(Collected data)
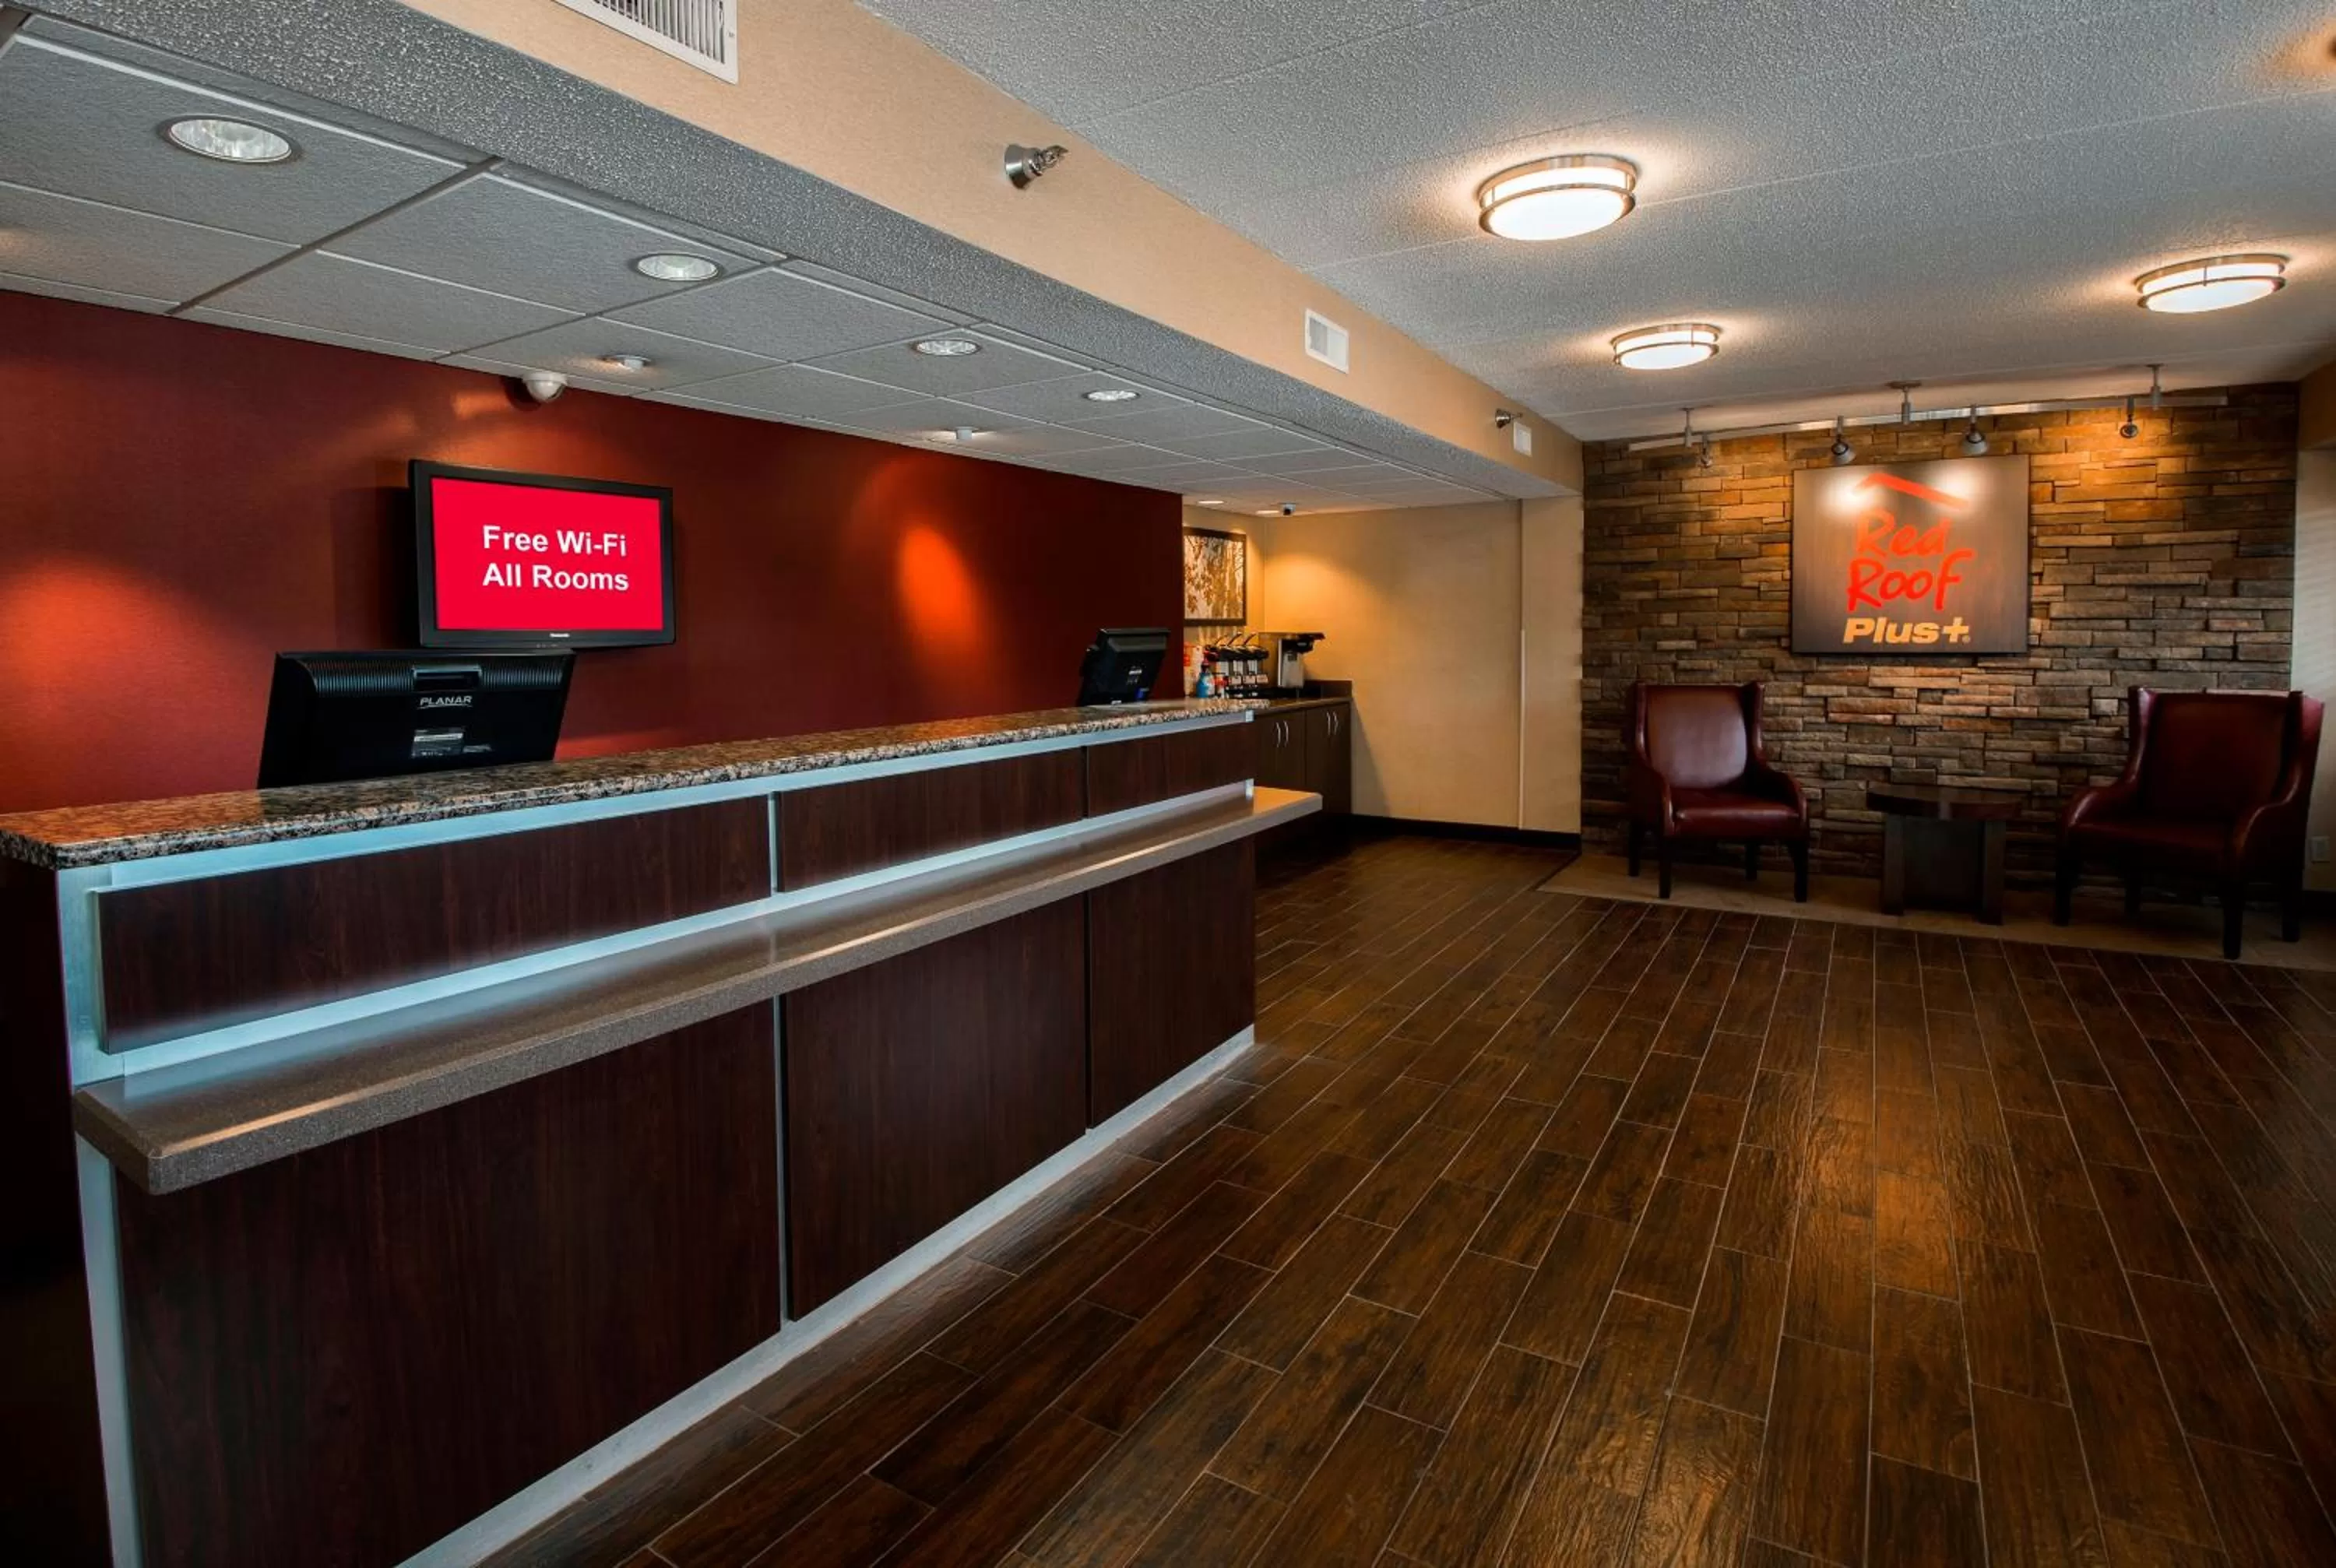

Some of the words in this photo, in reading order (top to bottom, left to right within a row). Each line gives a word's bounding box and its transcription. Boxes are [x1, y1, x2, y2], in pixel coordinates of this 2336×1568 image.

[482, 525, 549, 552] Free
[557, 529, 627, 557] Wi-Fi
[1856, 508, 1952, 559] Red
[482, 563, 521, 587] All
[533, 564, 630, 591] Rooms
[1846, 547, 1976, 611] Roof
[420, 695, 473, 705] PLANAR

# [Work required]
Every entry must be written out exactly, with all pictures left out.

# [Output for this exercise]
Some of the words in this photo, in reading order (top to bottom, left to right within a row). Each line gives a word's bounding box and its transcription. Boxes are [x1, y1, x2, y2], in pixel coordinates of this 2336×1568 image.

[482, 525, 549, 552] Free
[557, 529, 627, 557] Wi-Fi
[1856, 508, 1952, 559] Red
[482, 563, 521, 587] All
[533, 564, 630, 591] Rooms
[1846, 547, 1976, 611] Roof
[420, 695, 473, 705] PLANAR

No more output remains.